» **Exercise goal**
Reproduce the records without their pictures, keeping every word as it is.

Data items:
----
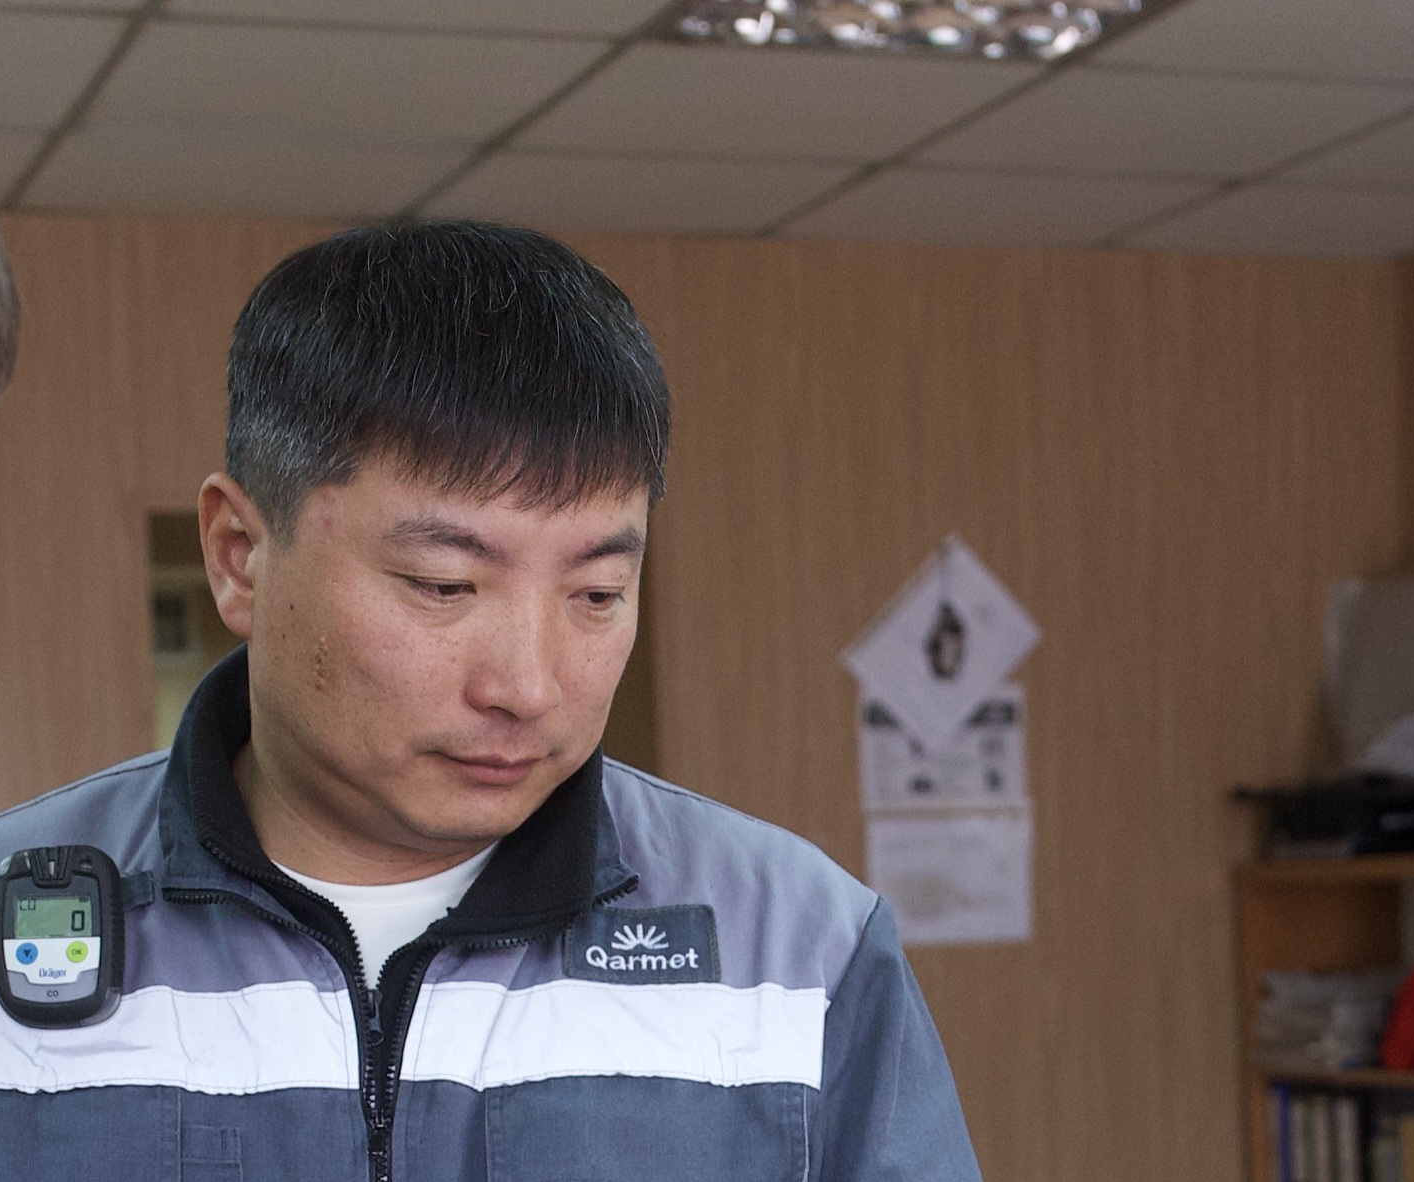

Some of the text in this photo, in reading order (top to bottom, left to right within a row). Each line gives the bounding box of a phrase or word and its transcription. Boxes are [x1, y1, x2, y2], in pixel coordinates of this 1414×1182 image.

[71, 910, 85, 931] 0
[71, 948, 82, 956] OK
[585, 945, 699, 971] Qarmet
[39, 968, 67, 979] Dräger
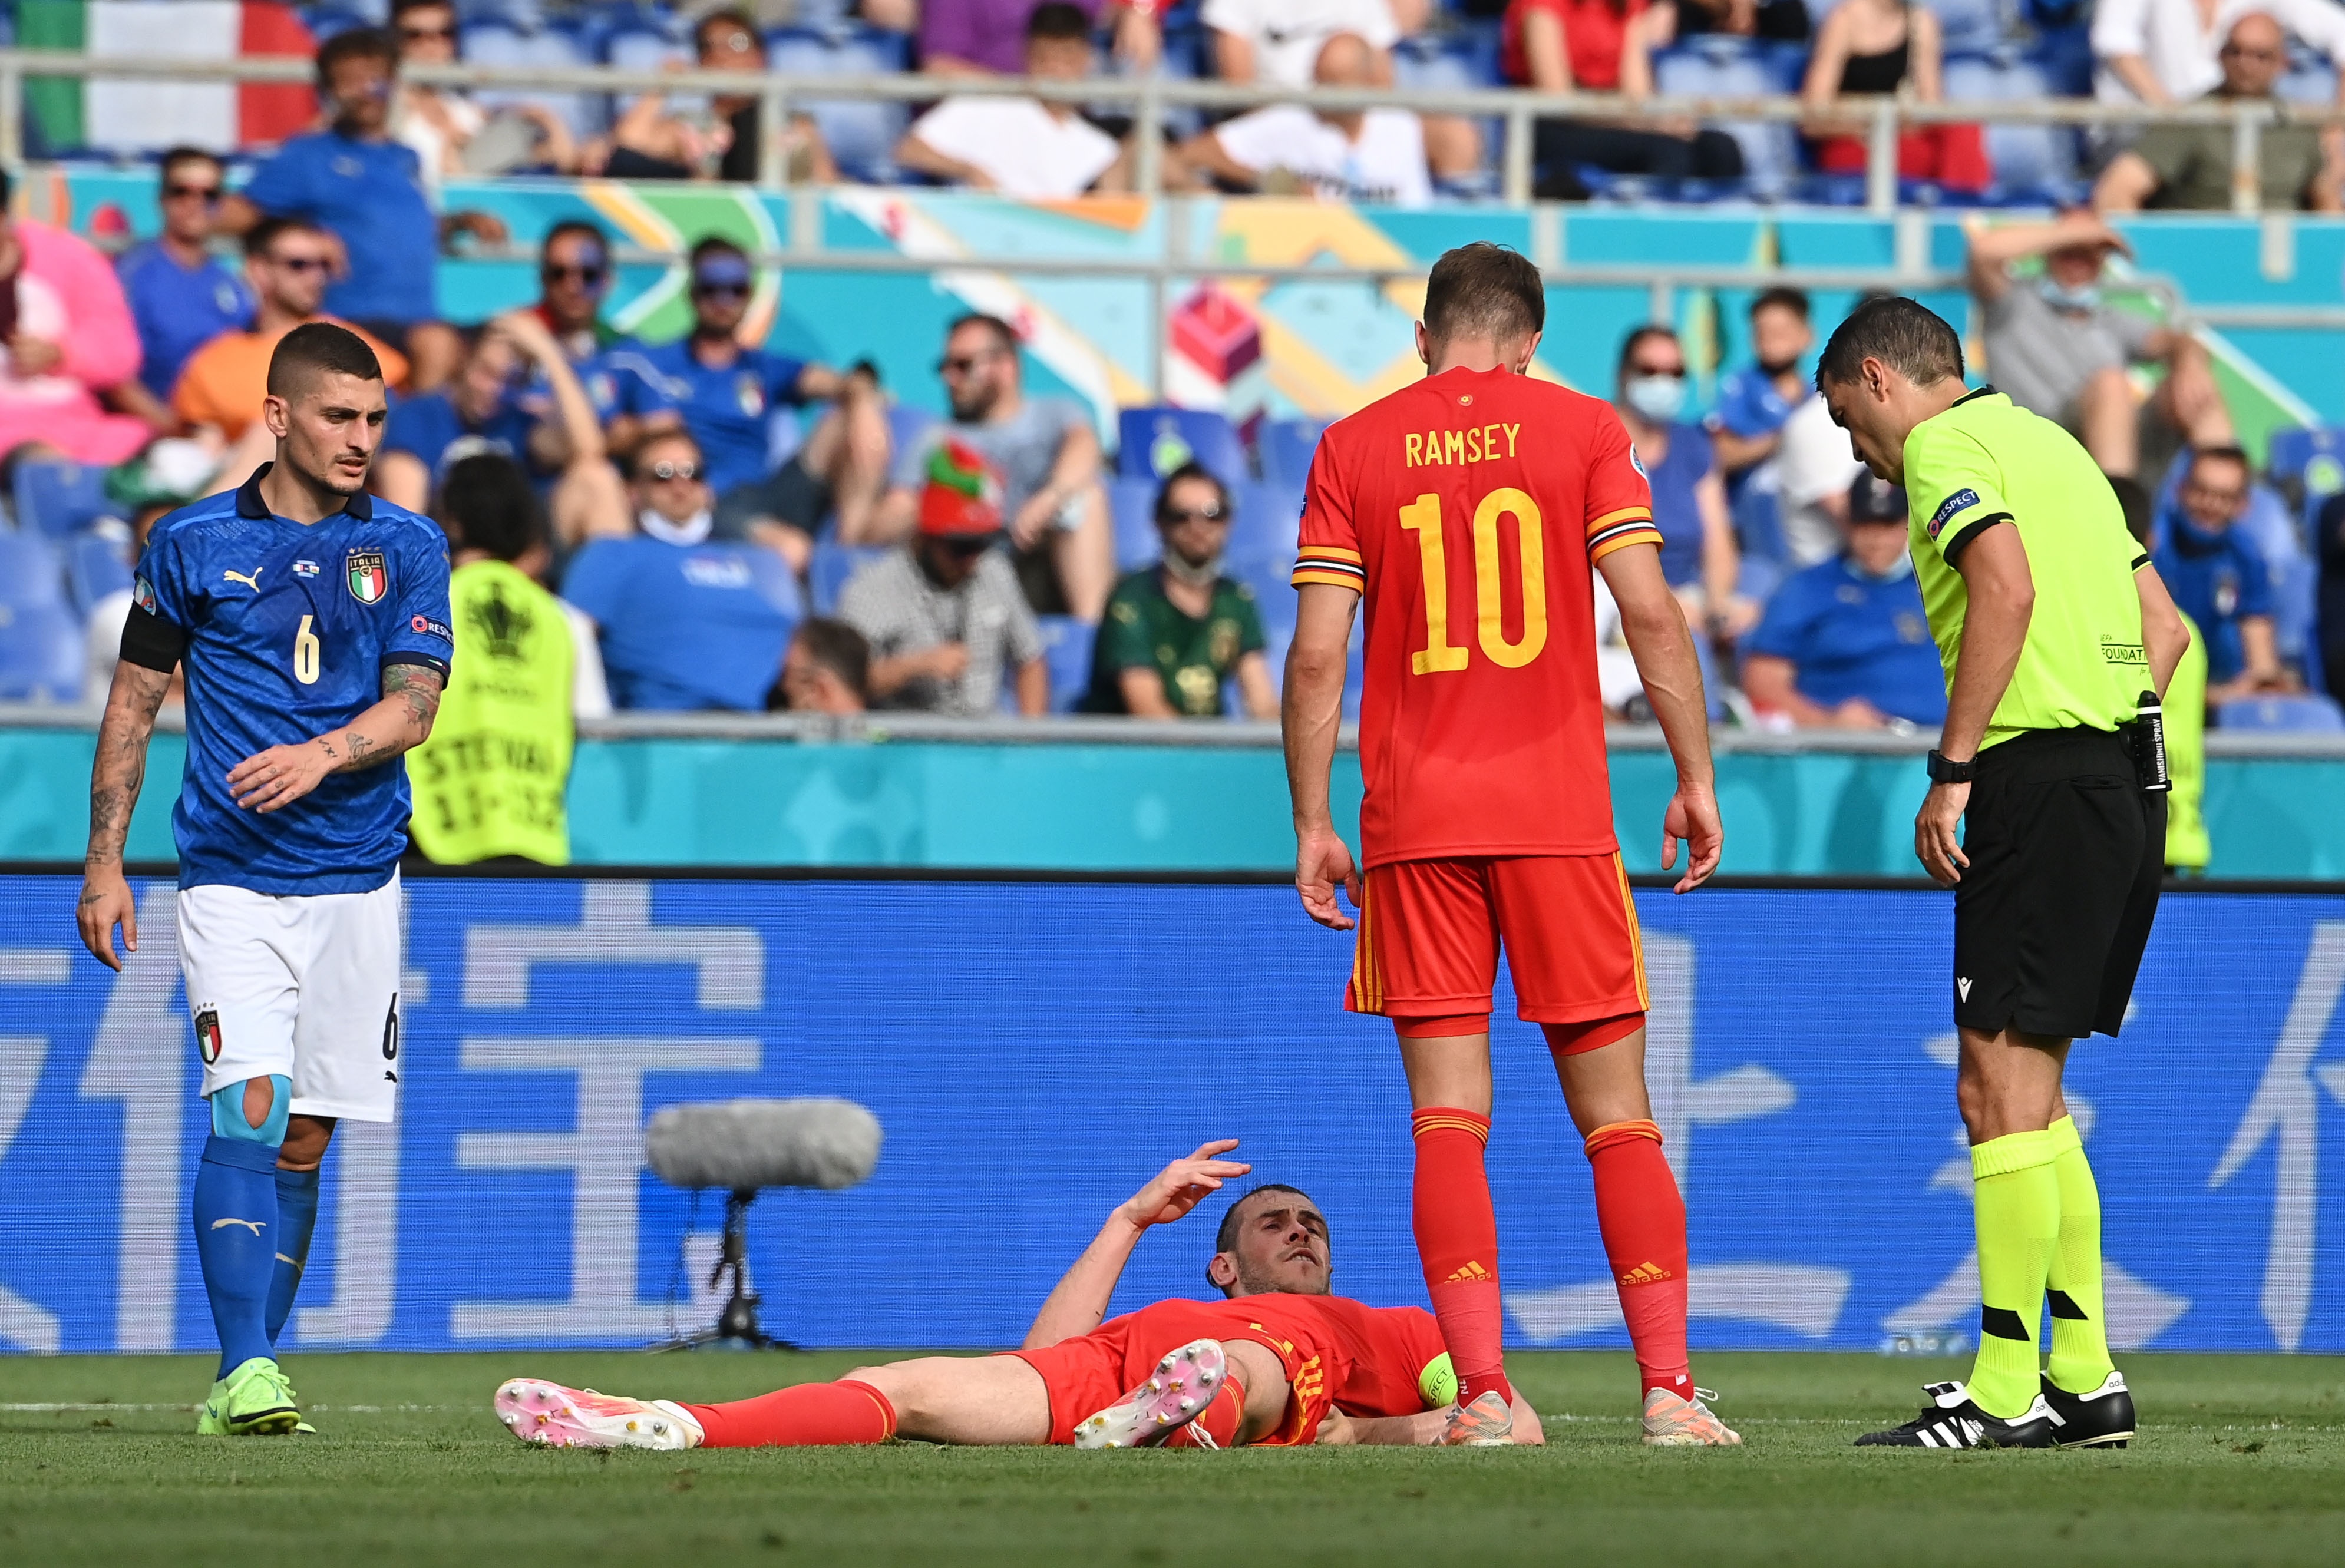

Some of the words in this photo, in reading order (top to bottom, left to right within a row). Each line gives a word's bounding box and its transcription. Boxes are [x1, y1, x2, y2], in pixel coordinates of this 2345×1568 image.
----
» **Task answer**
Some of the text in this photo, in reading order (top to bottom, left to right within a row). Each line gives the bounding box of a phrase or word and its transcription. Boxes are [x1, y1, x2, y2], in pixel coordinates of this 1414×1182 image.

[71, 910, 85, 931] 0
[71, 948, 82, 956] OK
[585, 945, 699, 971] Qarmet
[39, 968, 67, 979] Dräger

Some of the words in this photo, in reading order (top to bottom, left to right within a row). Each line gives a word's bounding box and its transcription. Boxes are [x1, y1, x2, y2], in pixel coordinates of this 2345×1568 image.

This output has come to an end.